* [Prompt]:
Would you set down every line of the data below exactly as it reads?

* [Data section]:
****************************************

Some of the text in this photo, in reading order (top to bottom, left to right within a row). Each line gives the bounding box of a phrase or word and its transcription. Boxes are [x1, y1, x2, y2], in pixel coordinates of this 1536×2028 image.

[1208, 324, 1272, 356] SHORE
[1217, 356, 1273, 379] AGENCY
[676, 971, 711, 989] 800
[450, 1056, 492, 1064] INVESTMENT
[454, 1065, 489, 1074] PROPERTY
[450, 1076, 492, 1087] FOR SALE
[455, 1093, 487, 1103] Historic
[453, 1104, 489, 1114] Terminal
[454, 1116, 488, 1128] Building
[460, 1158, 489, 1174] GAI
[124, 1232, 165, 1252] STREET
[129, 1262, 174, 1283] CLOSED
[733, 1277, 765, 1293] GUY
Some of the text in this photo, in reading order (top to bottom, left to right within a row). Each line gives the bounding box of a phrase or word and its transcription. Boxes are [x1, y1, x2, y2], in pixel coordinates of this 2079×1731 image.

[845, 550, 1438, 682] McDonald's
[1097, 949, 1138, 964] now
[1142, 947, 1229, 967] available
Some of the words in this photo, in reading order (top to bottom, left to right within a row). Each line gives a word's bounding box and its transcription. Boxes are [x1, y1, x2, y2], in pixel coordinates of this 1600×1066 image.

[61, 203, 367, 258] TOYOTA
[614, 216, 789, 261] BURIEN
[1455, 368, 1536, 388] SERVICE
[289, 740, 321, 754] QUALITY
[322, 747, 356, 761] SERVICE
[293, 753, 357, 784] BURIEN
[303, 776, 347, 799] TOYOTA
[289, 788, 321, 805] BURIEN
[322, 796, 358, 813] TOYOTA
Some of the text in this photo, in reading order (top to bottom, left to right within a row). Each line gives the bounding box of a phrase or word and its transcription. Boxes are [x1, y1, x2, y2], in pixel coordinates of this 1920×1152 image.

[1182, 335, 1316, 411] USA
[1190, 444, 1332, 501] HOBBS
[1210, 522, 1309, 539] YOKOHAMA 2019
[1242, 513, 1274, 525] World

****************************************

* [Output of the task]:
Some of the text in this photo, in reading order (top to bottom, left to right within a row). Each line gives the bounding box of a phrase or word and its transcription. Boxes are [x1, y1, x2, y2], in pixel coordinates of this 1536×2028 image.

[1208, 324, 1272, 356] SHORE
[1217, 356, 1273, 379] AGENCY
[676, 971, 711, 989] 800
[450, 1056, 492, 1064] INVESTMENT
[454, 1065, 489, 1074] PROPERTY
[450, 1076, 492, 1087] FOR SALE
[455, 1093, 487, 1103] Historic
[453, 1104, 489, 1114] Terminal
[454, 1116, 488, 1128] Building
[460, 1158, 489, 1174] GAI
[124, 1232, 165, 1252] STREET
[129, 1262, 174, 1283] CLOSED
[733, 1277, 765, 1293] GUY
Some of the text in this photo, in reading order (top to bottom, left to right within a row). Each line gives the bounding box of a phrase or word and its transcription. Boxes are [x1, y1, x2, y2], in pixel coordinates of this 2079×1731 image.

[845, 550, 1438, 682] McDonald's
[1097, 949, 1138, 964] now
[1142, 947, 1229, 967] available
Some of the words in this photo, in reading order (top to bottom, left to right within a row). Each line gives a word's bounding box and its transcription. Boxes are [x1, y1, x2, y2], in pixel coordinates of this 1600×1066 image.

[61, 203, 367, 258] TOYOTA
[614, 216, 789, 261] BURIEN
[1455, 368, 1536, 388] SERVICE
[289, 740, 321, 754] QUALITY
[322, 747, 356, 761] SERVICE
[293, 753, 357, 784] BURIEN
[303, 776, 347, 799] TOYOTA
[289, 788, 321, 805] BURIEN
[322, 796, 358, 813] TOYOTA
Some of the text in this photo, in reading order (top to bottom, left to right within a row). Each line gives the bounding box of a phrase or word and its transcription. Boxes are [x1, y1, x2, y2], in pixel coordinates of this 1920×1152 image.

[1182, 335, 1316, 411] USA
[1190, 444, 1332, 501] HOBBS
[1210, 522, 1309, 539] YOKOHAMA 2019
[1242, 513, 1274, 525] World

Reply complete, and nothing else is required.